• Your objective
For this exercise, transcribe all the entries exactly as given and omit the images.
Record excerpts section start
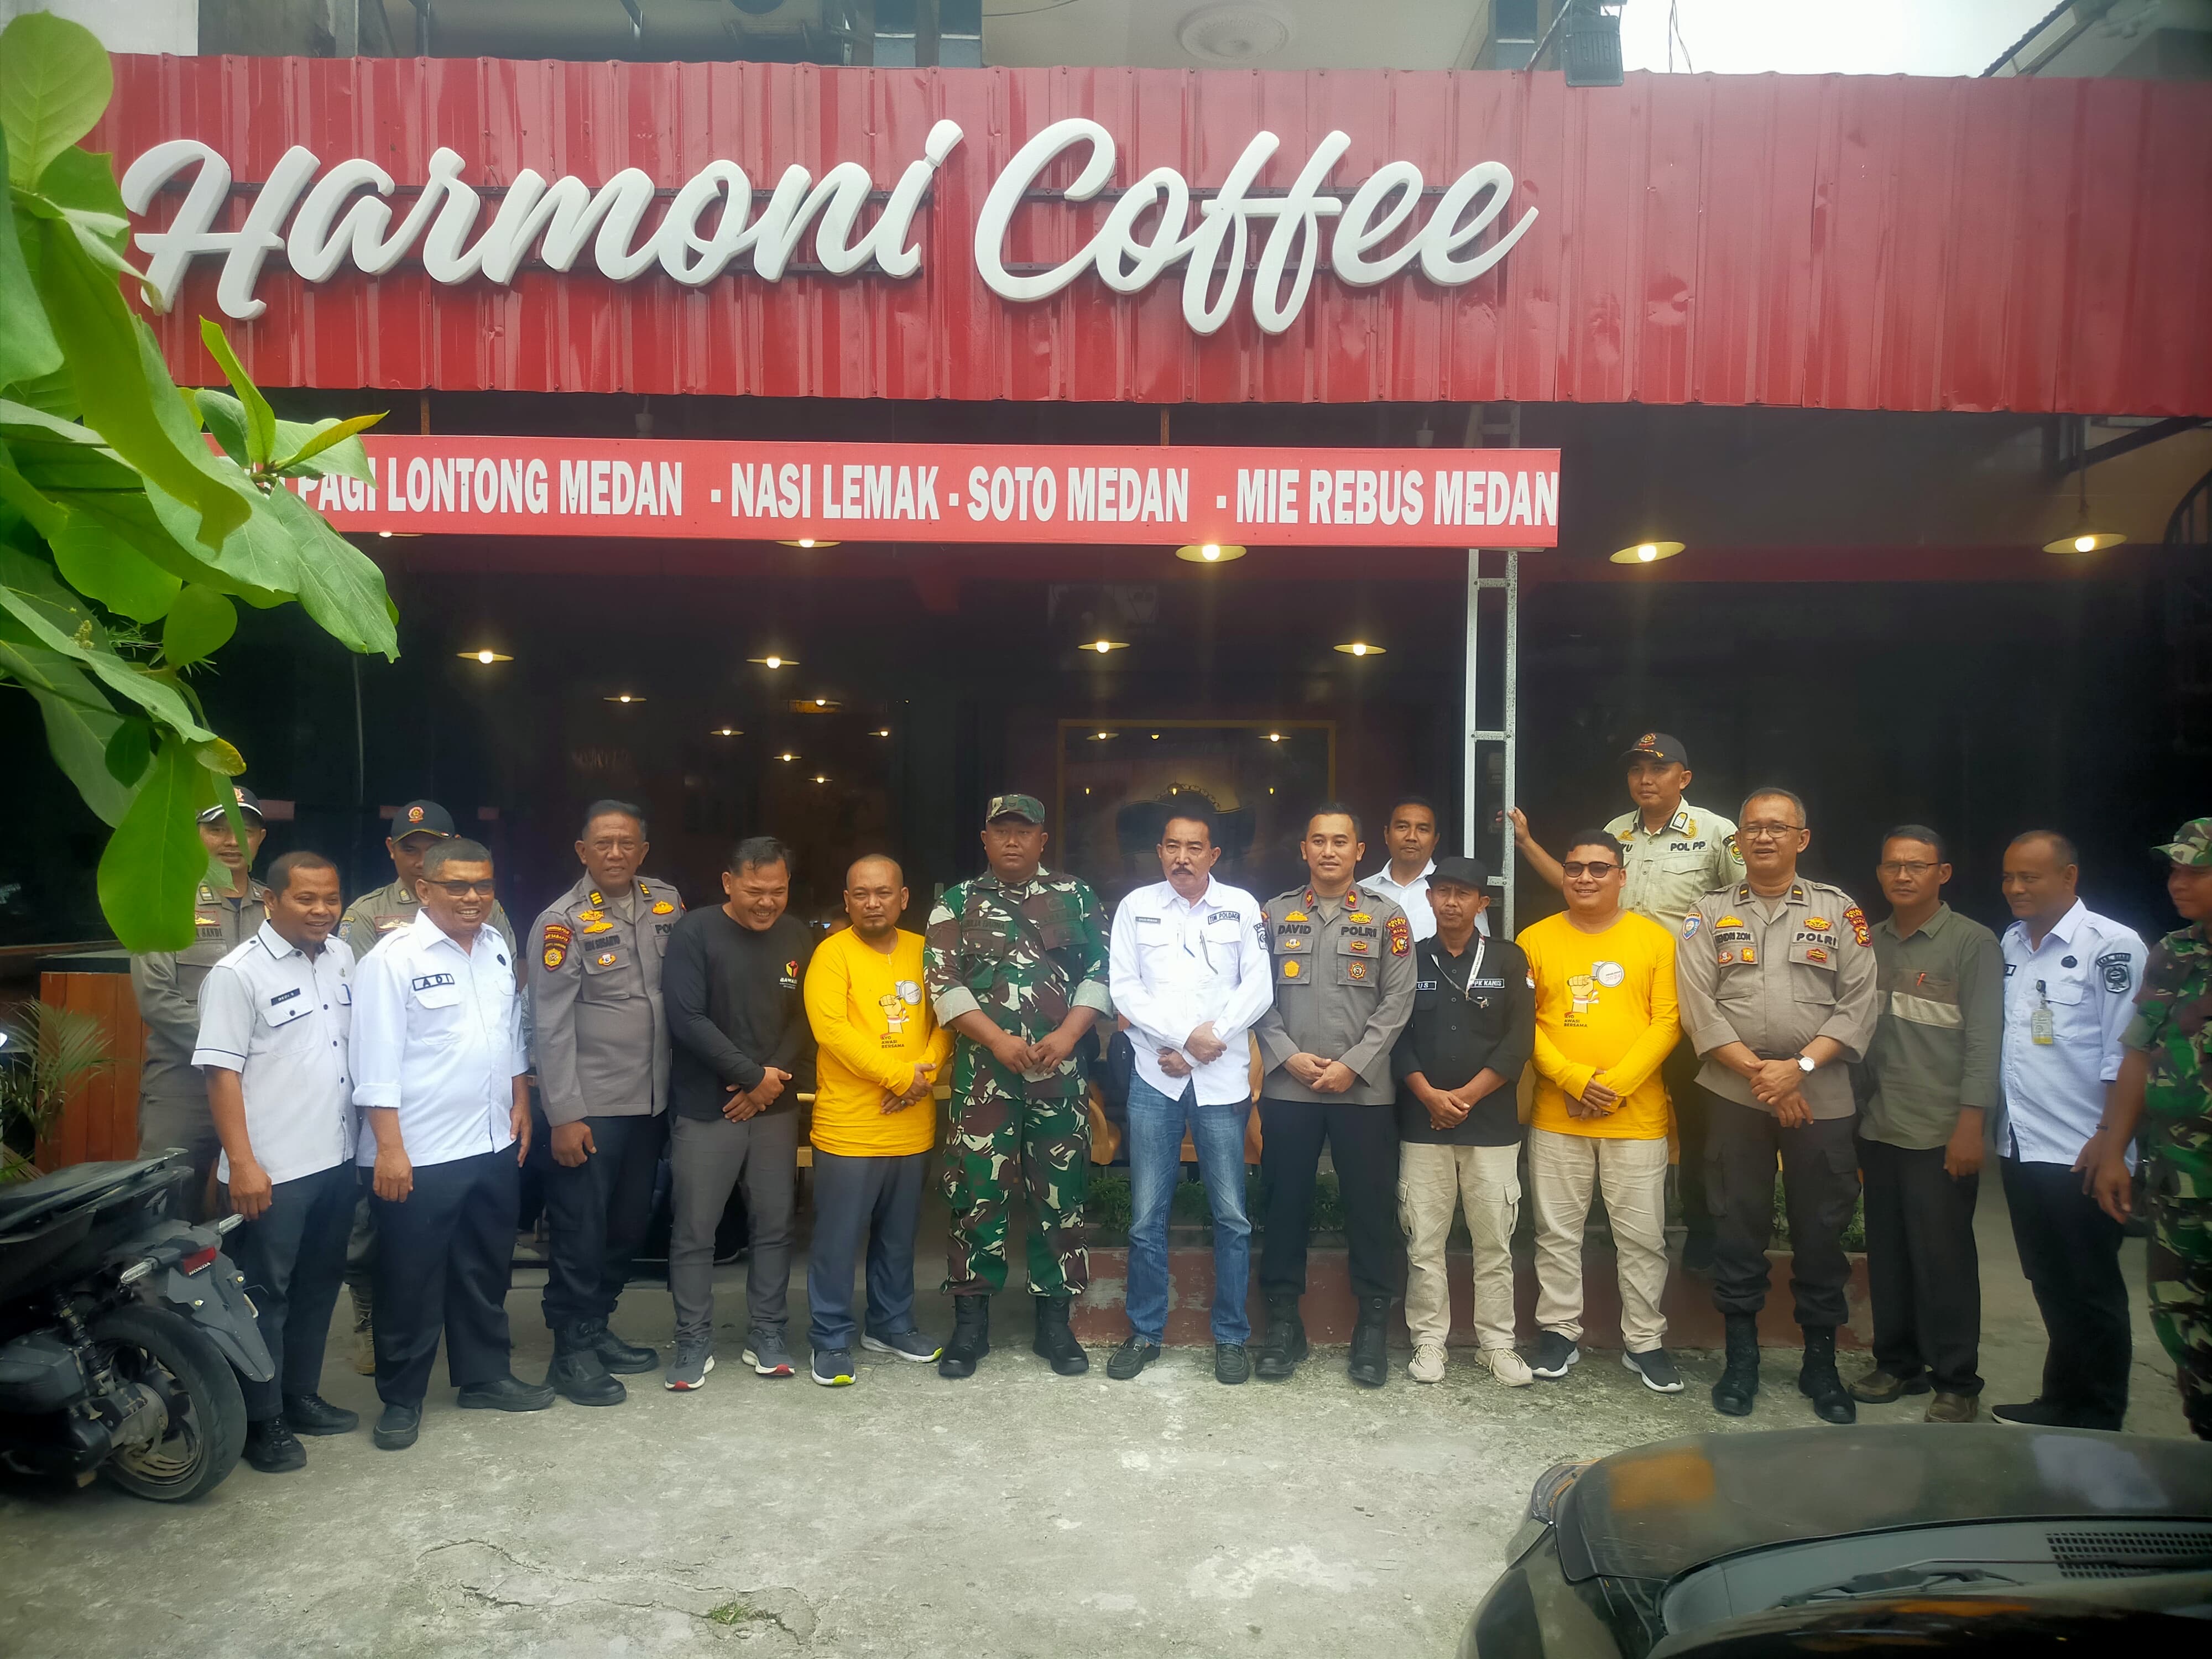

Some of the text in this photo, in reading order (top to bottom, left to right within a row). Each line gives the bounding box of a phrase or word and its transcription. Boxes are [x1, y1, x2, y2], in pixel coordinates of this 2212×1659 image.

[121, 117, 1540, 334] Harmoni Coffee
[298, 457, 376, 512] PAGI
[388, 457, 549, 514] LONTONG
[560, 460, 682, 516] MEDAN
[732, 462, 811, 519] NASI
[822, 464, 940, 520] LEMAK
[967, 466, 1057, 522] SOTO
[1067, 467, 1189, 523] MEDAN
[1236, 468, 1300, 524] MIE
[1309, 469, 1424, 526] REBUS
[1433, 470, 1558, 526] MEDAN
[1671, 841, 1706, 852] POL PP
[1278, 924, 1312, 935] DAVID
[1340, 926, 1377, 937] POLRI
[1796, 932, 1837, 946] POLRI
[422, 974, 450, 988] ADI
[189, 1262, 211, 1276] HONDA
Record excerpts section end
• Response area
Some of the text in this photo, in reading order (top to bottom, left to right within a row). Each line gives the bounding box of a phrase or word and its transcription. Boxes are [x1, y1, x2, y2], in pixel coordinates of this 2212×1659 image.

[121, 117, 1540, 334] Harmoni Coffee
[298, 457, 376, 512] PAGI
[388, 457, 549, 514] LONTONG
[560, 460, 682, 516] MEDAN
[732, 462, 811, 519] NASI
[822, 464, 940, 520] LEMAK
[967, 466, 1057, 522] SOTO
[1067, 467, 1189, 523] MEDAN
[1236, 468, 1300, 524] MIE
[1309, 469, 1424, 526] REBUS
[1433, 470, 1558, 526] MEDAN
[1671, 841, 1706, 852] POL PP
[1278, 924, 1312, 935] DAVID
[1340, 926, 1377, 937] POLRI
[1796, 932, 1837, 946] POLRI
[422, 974, 450, 988] ADI
[189, 1262, 211, 1276] HONDA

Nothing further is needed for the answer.